De loin, à un océan de distance, on retient de Diego Rivera l’amoureux, l’infidèle d’une passion, le révolutionnaire, le peintre provocateur et novateur, l’intransigeant, l’impétueux. Le rêve de fraternité. On imagine les œuvres murales immenses et généreuses dont on a aperçu, de loin, des images partielles ou dont on a eu l’écho de commentaires de voyageurs. Puis vient le jour où, enfin, on peut s’approcher. Voir l’œuvre chez elle, dans son univers, sous les arcades du Secrétariat de l’éducation publique (SEP) du Mexique alors que le soleil décline et joue sur les surfaces un jeu délicat d’ombres et de lumières, cache et montre, offre au regard, dérobe à la pellicule. Tout un peuple, une histoire, un espoir que lève un souffle de révolte. 1910 ou plus tard, maintenant encore. Peut-être…

Diego Rivera, El capataz, 1923 (478×213)
Simplicité du trait, rigueur des formes, retenue des couleurs sans renoncement à la richesse de la palette, le style soutien le récit et la clarté du propos. Les effets de perspective donnent aux peintures murales de Diego Rivera une dimension monumentale, en accentuent l’effet théâtral. Mais le plus frappant est la résonance religieuse de l’œuvre. Ici, un sombrero se commue en auréole [*]. Là, les bras ouverts d’une divinité auréolée de feu évoquent un christ protecteur. Ces jeux symboliques prêteraient à confusion si l’intention politique, parfois dans un registre grotesque ou, plus souvent, critique, n’était claire. On notera, à ce sujet, que la critique ne portait pas seulement sur le capitalisme. Ainsi, « El Capataz » (le contremaitre) a-t-il suscité un conflit entre Diego Rivera et José Vasconcelos, alors ministre de l’éducation — pour Diego Rivera, l’art devait aussi exprimer une critique sur la société mexicaine dont les conditions socio-économiques devaient changer.
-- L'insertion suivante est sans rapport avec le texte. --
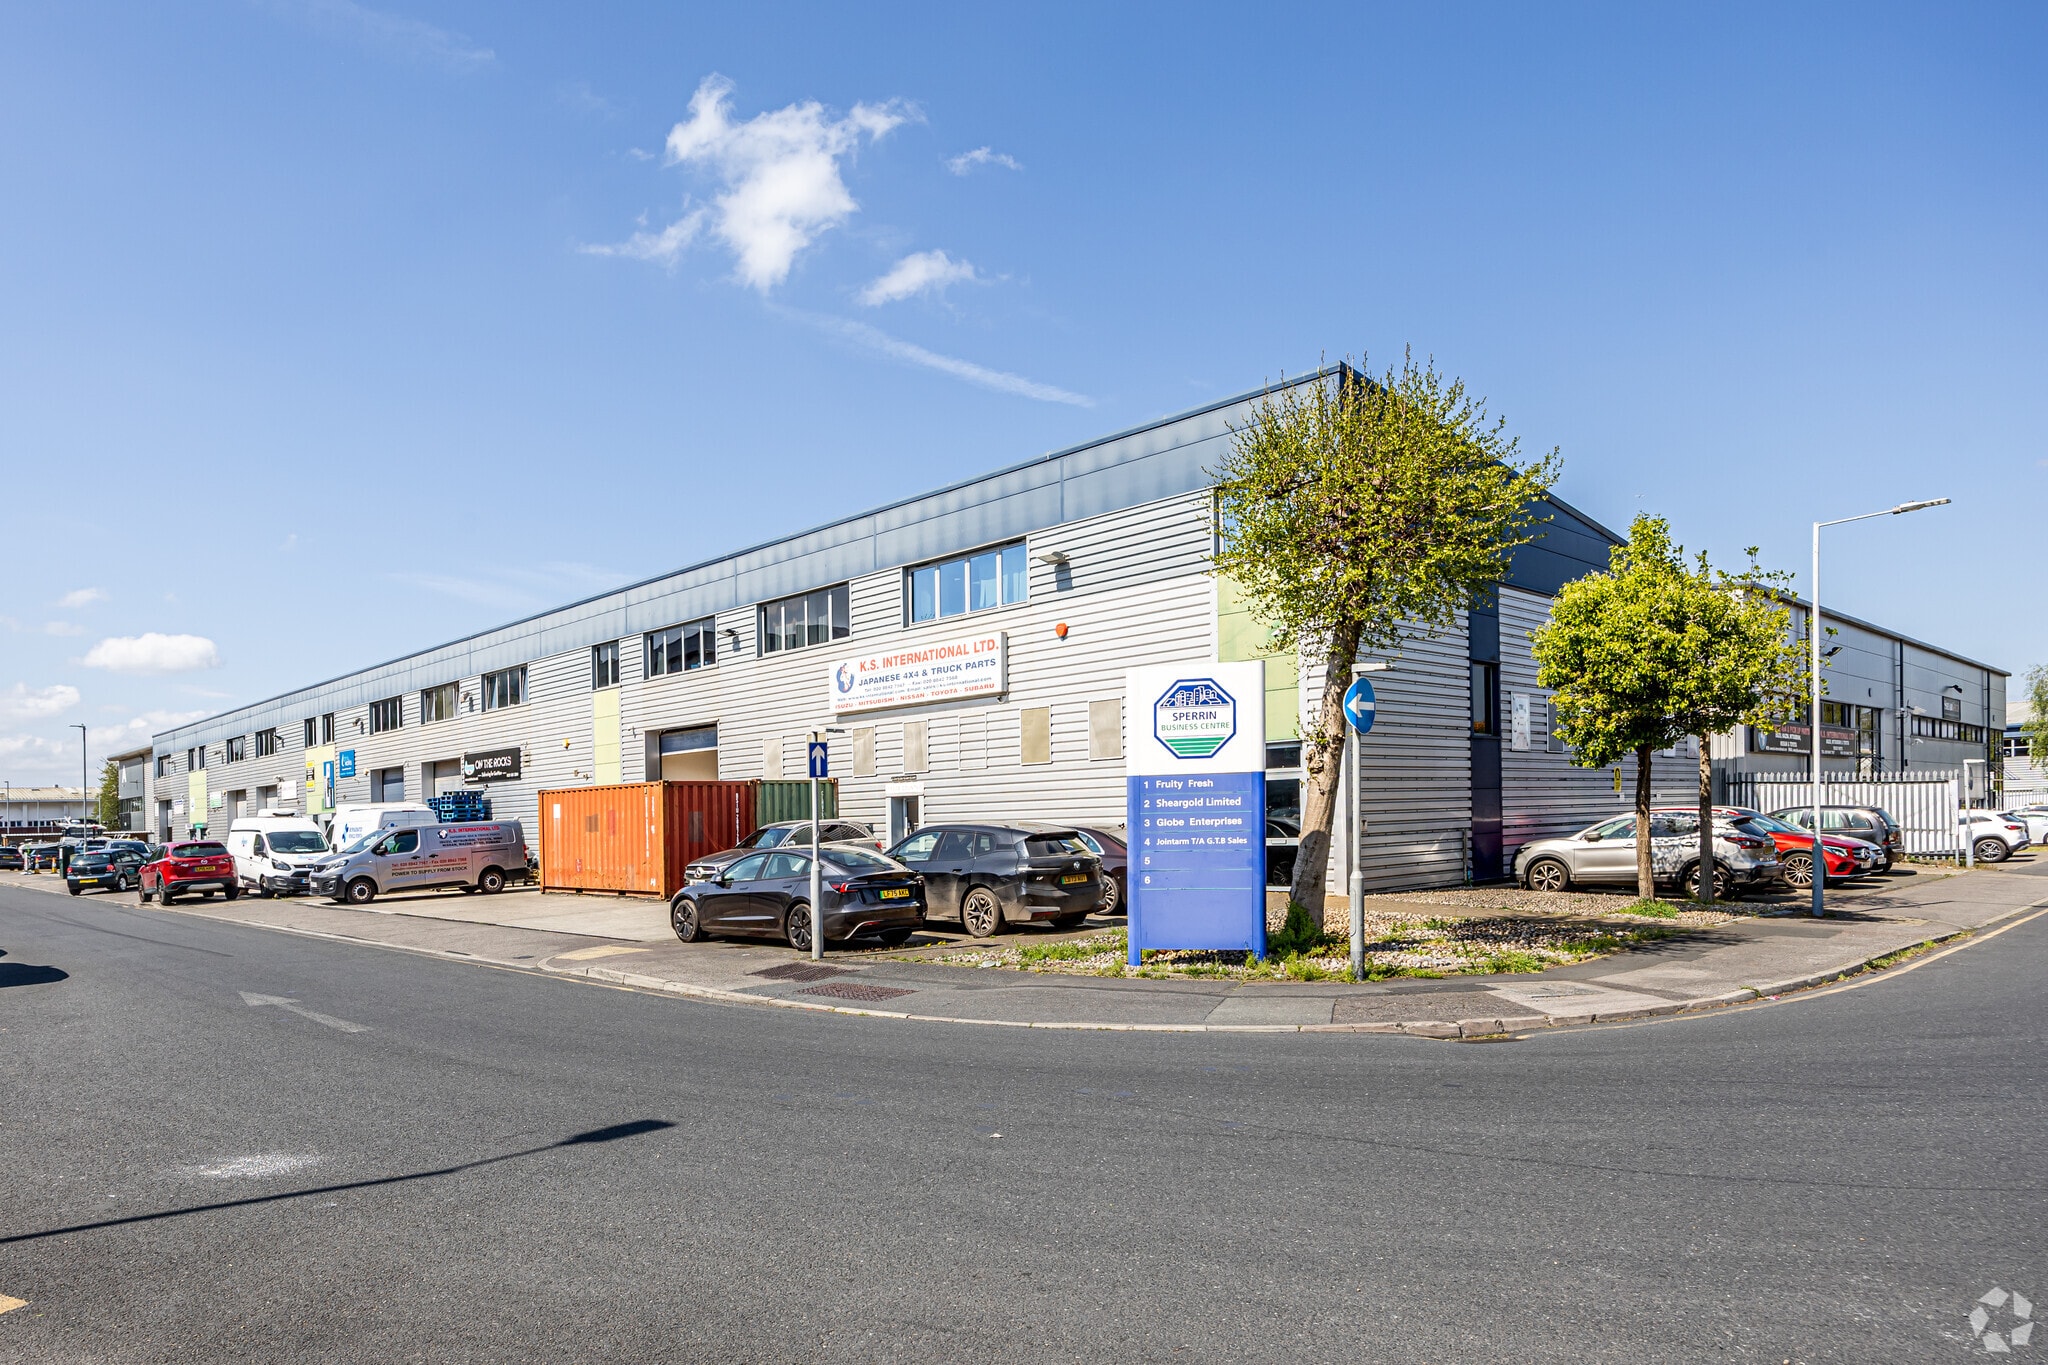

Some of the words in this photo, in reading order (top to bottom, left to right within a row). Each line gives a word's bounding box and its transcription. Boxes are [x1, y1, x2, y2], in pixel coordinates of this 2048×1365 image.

Diego Rivera revendiquait son athéisme : ¿Usted no cree en Dios? Definitivamente no. Et pourtant… pourtant il y a tant de sincérité dans l’imagerie et les mises en scènes destinées au peuple du Mexique que l’on ne peut manquer de se poser la question de la spiritualité et questionner le rapport de l’artiste à une transcendance que ne parviendrait pas à occulter l’adhésion au marxisme révolutionnaire (et matérialiste). Diego Rivera mystique ? Certains le suggèrent [*]. Pour ceux qui découvrent l’œuvre, une révélation déconcertante.
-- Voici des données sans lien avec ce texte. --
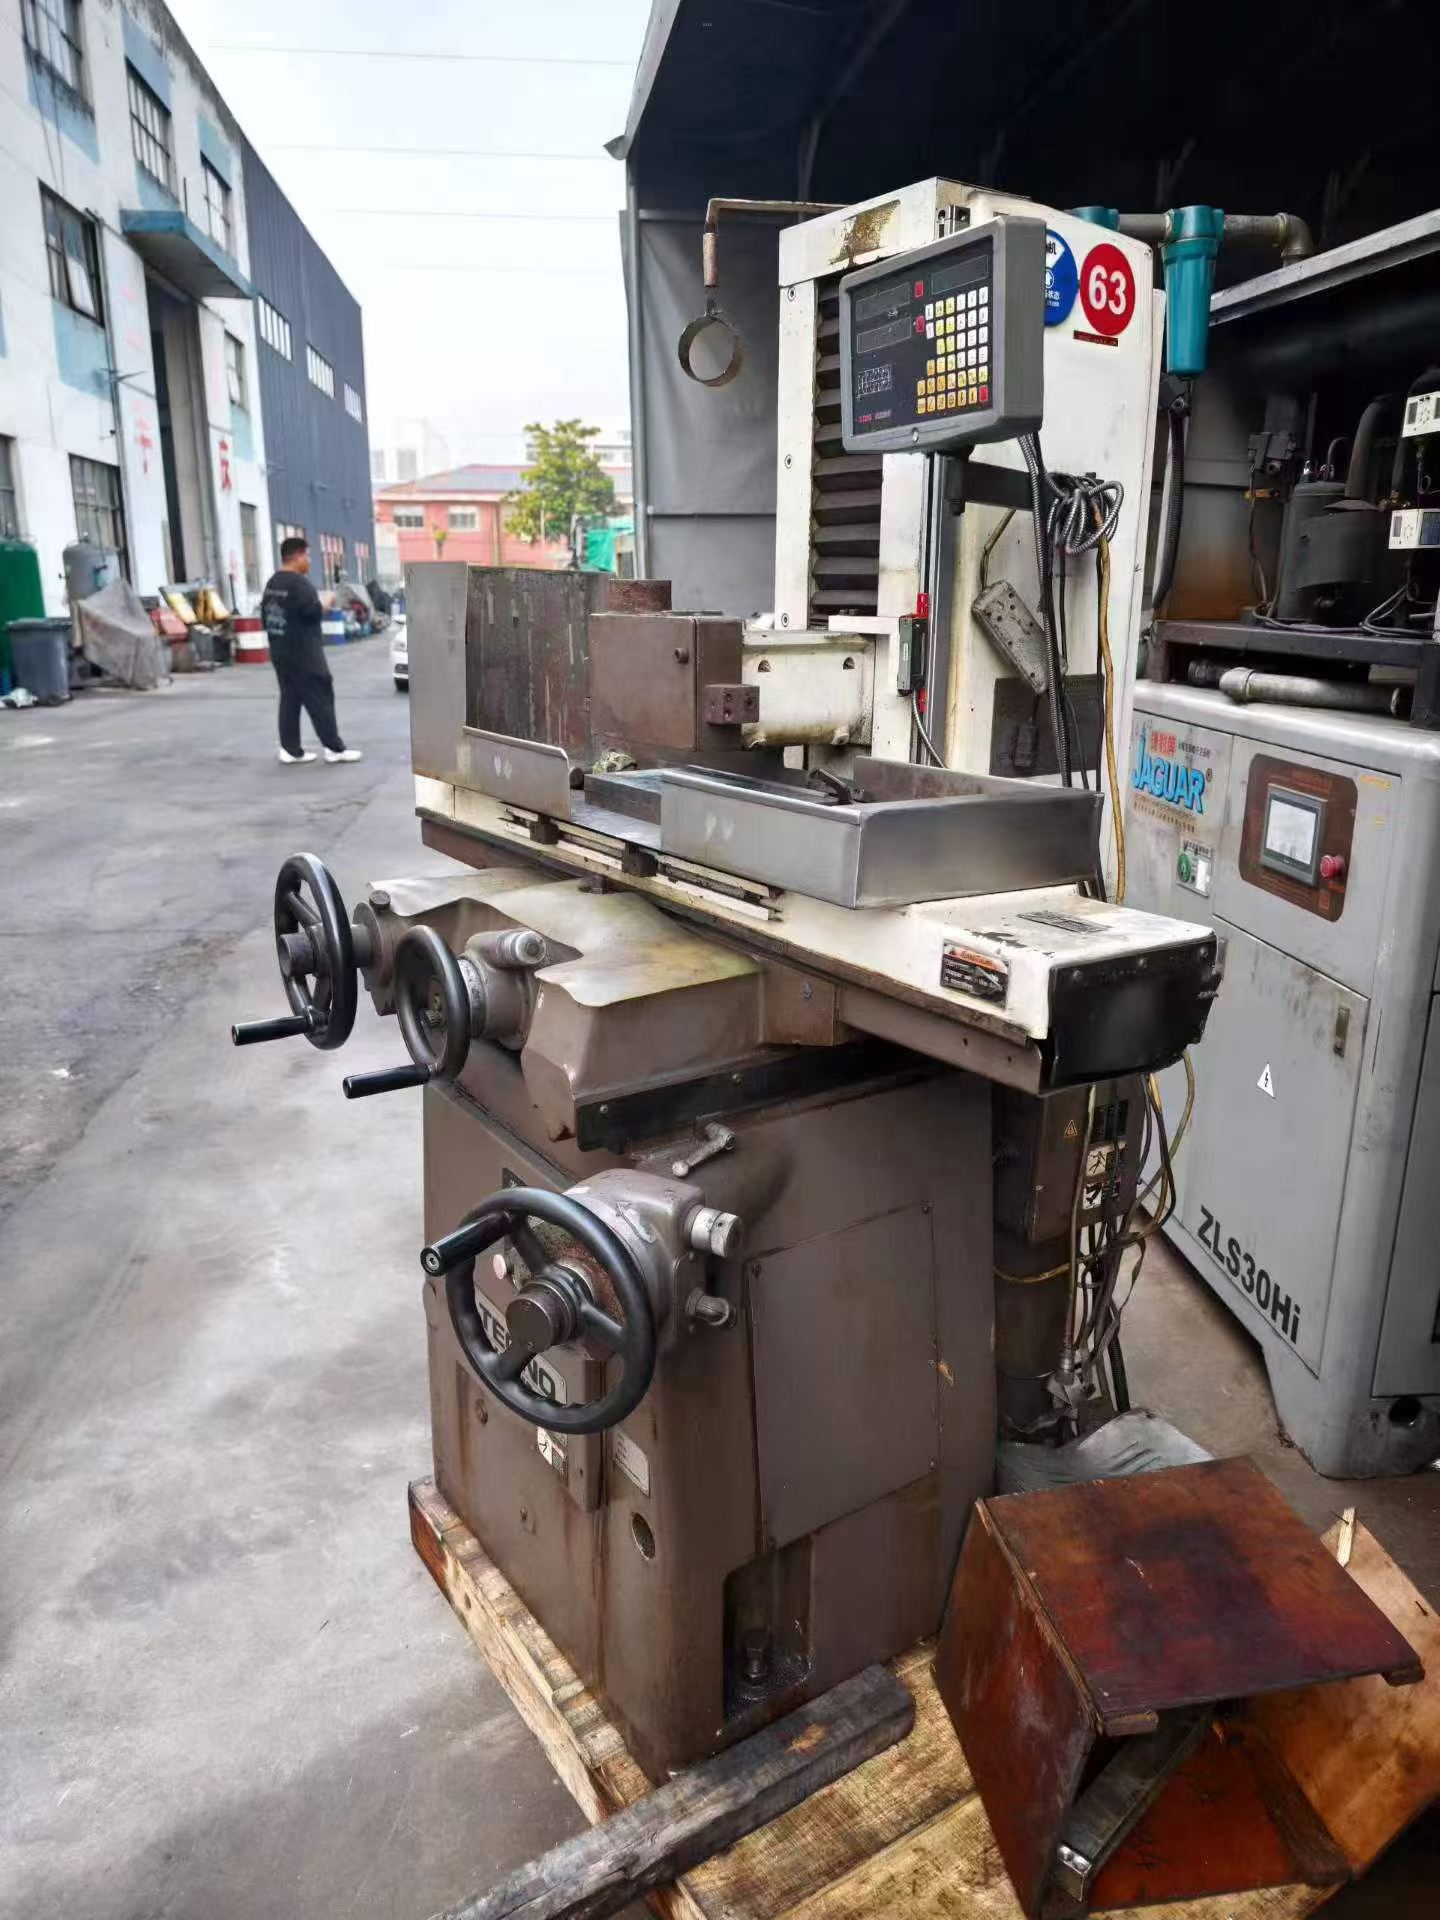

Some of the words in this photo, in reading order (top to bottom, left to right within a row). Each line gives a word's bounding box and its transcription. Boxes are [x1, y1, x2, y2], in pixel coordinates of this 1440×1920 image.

[1089, 264, 1127, 315] 63
[1131, 733, 1205, 814] JAGUAR
[1197, 1205, 1301, 1345] ZLS30Hi
Diego Rivera, Símbolo del infinito, 1923
Au premier étage des arcades de la SEP, des « grisailles » en hommage au travail intellectuel, les sciences et les arts, parmi lesquelles, un peu à l’écart, se trouve une image singulière : « Símbolo del infinito » (1923). Un personnage encadré de deux spirales, le cou orné d’un serpent, entre les mains le symbole de l’infini. On pense moins au symbole mathématique, aujourd’hui banal, qu’au mystère de l’infini, à la fois concevable et inaccessible. Plusieurs éléments y invitent. Le serpent n’est pas celui familier de la mythologie mexicaine mais Ouroboros qui, depuis l’antiquité grecque, symbolise l’éternel recommencement. Les spirales, sûrement reprises de la symbolique Maya, évoquent ce même mouvement avec plus de subtilité : le temps revient sur lui-même au rythme des saisons mais à chaque cycle un peu différent. Enfin, l’immatérialité hiératique de l’infini suggérée par sa lévitation entre les mains du personnage. Cette proximité de la science et de la métaphysique n’est pas étonnante à l’époque de la création de cette œuvre, 1923. La question de l’infini comme un objet de connaissance est encore vive. Cantor a disparu peu d’années auparavant, en 1916, au terme d’une vie tourmentée par la découverte de propriétés alors impensables de ce qui, grâce à lui, est devenu un objet mathématique. Certains mathématiciens d’alors se sont même violemment opposés à ses découvertes ; la foi dans le caractère divin, inconnaissable, de l’infini pesait sur la science.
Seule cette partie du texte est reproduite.